When I was 18, I learned, quite belatedly, that my father’s brother had married a black woman. The wedding took place in 1958—the year I was born, the year after my parents married. Instantly I knew that racism had kept me from knowing my uncle (by then dead of a heart attack), my aunt, my cousins. Instantly I knew I would have to find them. But it was one thing to discover that the deepest, most volatile division in the country ran right through my family; actually crossing that divide to claim kinship was, for a long time, too daunting for someone whose only experience with “diversity” was being the sole Jewish kid among her semirural Ohio high school’s 2,300 students.

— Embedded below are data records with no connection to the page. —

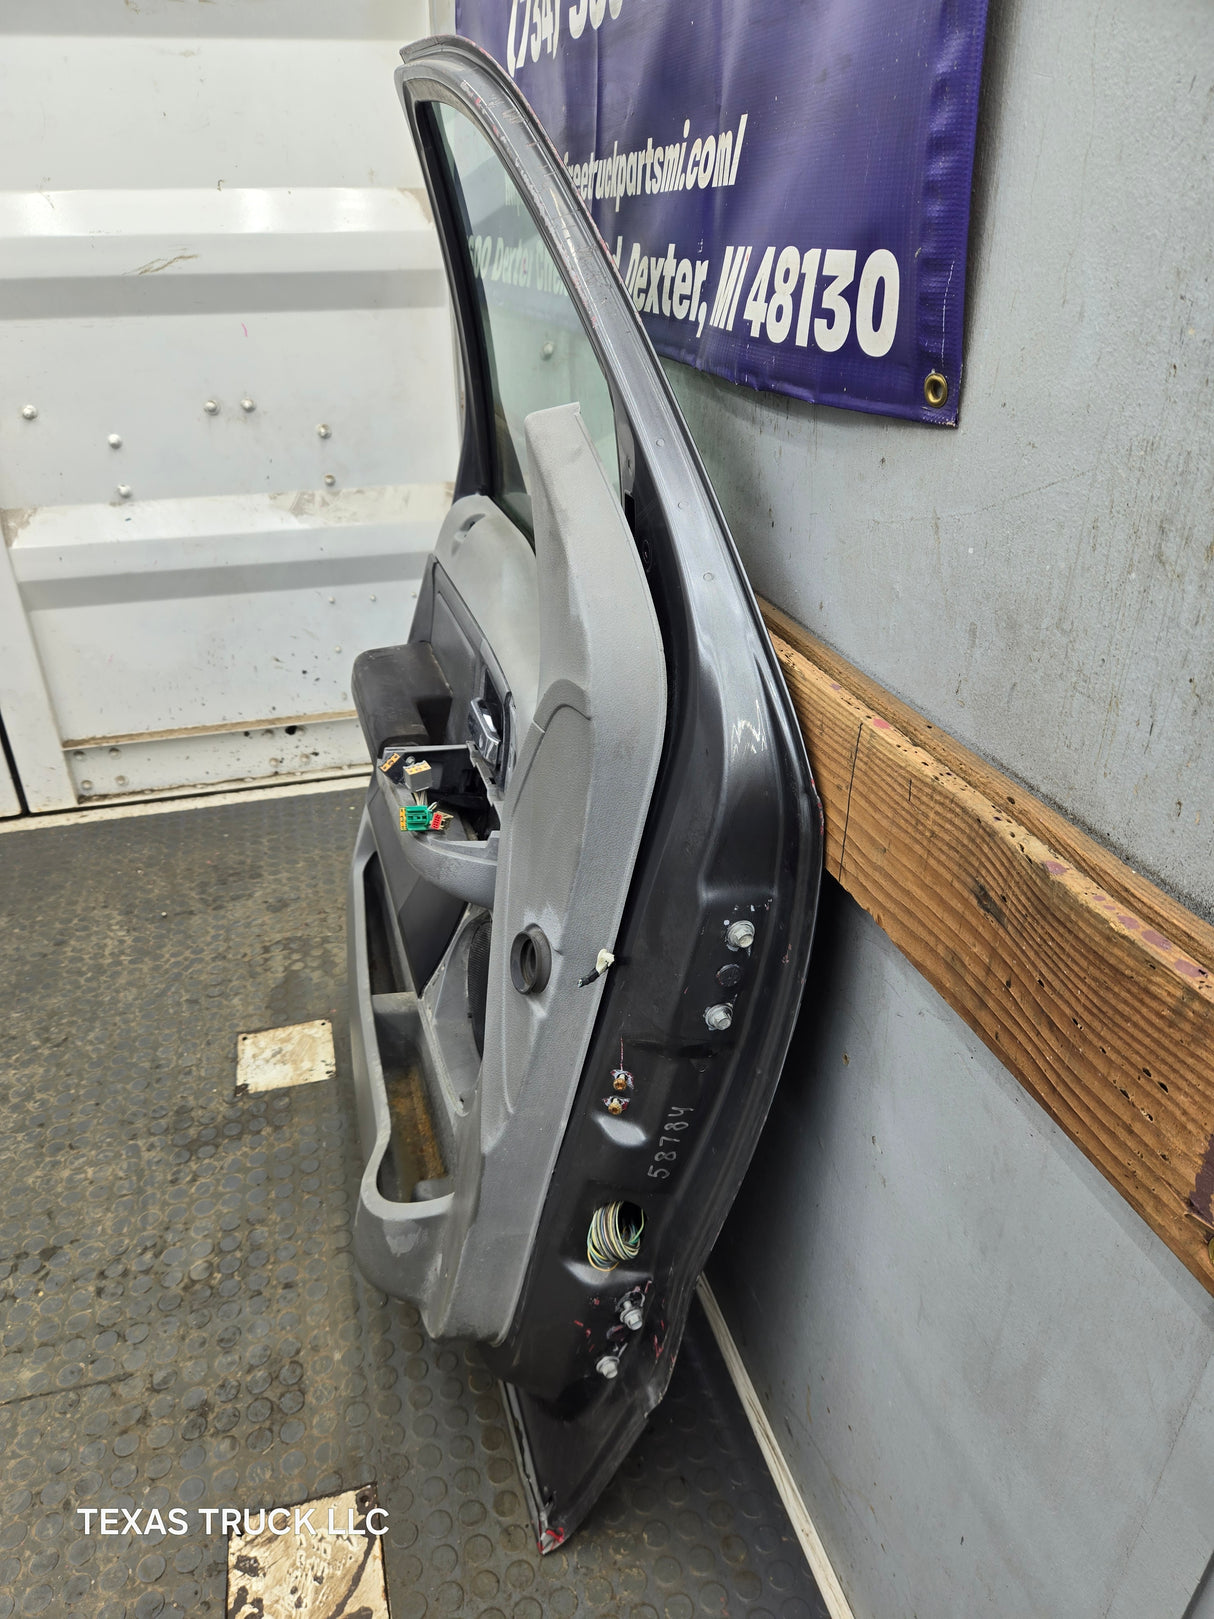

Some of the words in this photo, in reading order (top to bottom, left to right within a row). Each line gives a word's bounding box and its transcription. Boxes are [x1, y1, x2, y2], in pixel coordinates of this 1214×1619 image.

[625, 242, 711, 338] Dexter,
[709, 245, 753, 332] MI
[743, 245, 900, 358] 48130
[648, 1106, 694, 1179] 58784
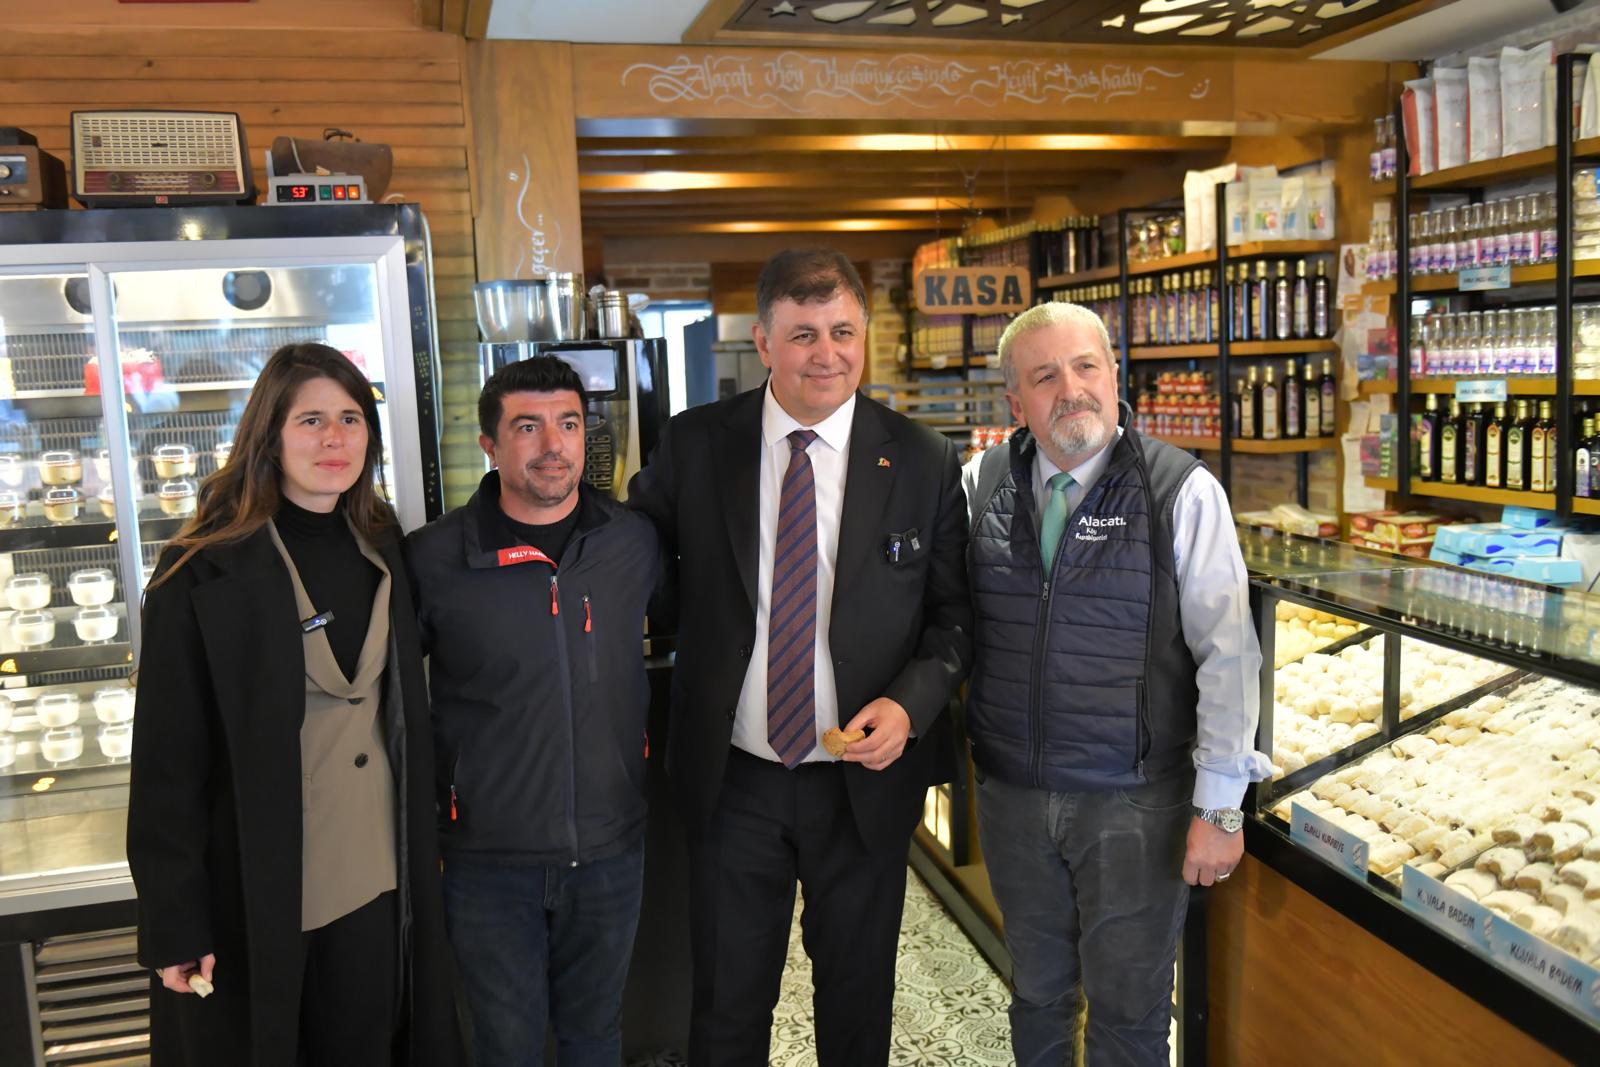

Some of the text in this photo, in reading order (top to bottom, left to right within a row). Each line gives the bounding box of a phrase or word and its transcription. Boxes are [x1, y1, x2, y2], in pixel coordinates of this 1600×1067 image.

[925, 275, 1022, 305] KASA
[508, 550, 528, 559] HELLY
[1447, 905, 1475, 930] BADEM
[1548, 964, 1583, 994] BADEM

And so it wasn’t until my thirties that I finally met my aunt and cousins. To my surprise, they treated me not just as a cousin but as a living symbol of racial reconciliation. Once we’d met, told stories, and compared features—we share a long jaw and sharp chin—I started to notice how arbitrarily I’d sorted the world around me into “black” or “white.” All around were black people who looked related to me. White friends had color in their families of blood or choice: a stepfather, a spouse, a sister-in-law, a dearest friend. I started to feel that every American whose family has been here more than a few decades is from a mixed-race family, that somewhere out there—however near or far—we all have relatives of the “other” color. African Americans know this, of course, often down to the name of at least one plantation owner in the family tree. But for a white girl in a color-bound world, this was news.

As it happened, the insight that was striking me so personally—that the color line is drawn in shifting sand—would soon strike the culture. In the past few years, the headlines have been full of such things as the 2000 census’s mix-and-match option; genetic evidence that Thomas Jefferson and Sally Hemings (his dead wife’s half-sister and slave) left a widening delta of descendants; and the ascending god Tiger Woods’s refusal to reject his plural ethnicity. And since 1995, a number of mixed-race memoirs have hit our shelves, opening discussion of a new identity: biracial writers who have a black parent and a white one. These authors grapple with the sense that they don’t quite belong anywhere, that they aren’t fully claimed by either race. But their wide range of experiences reveals how deeply racial identity, like any identity, is affected not just by society but also by family, character, time, and place…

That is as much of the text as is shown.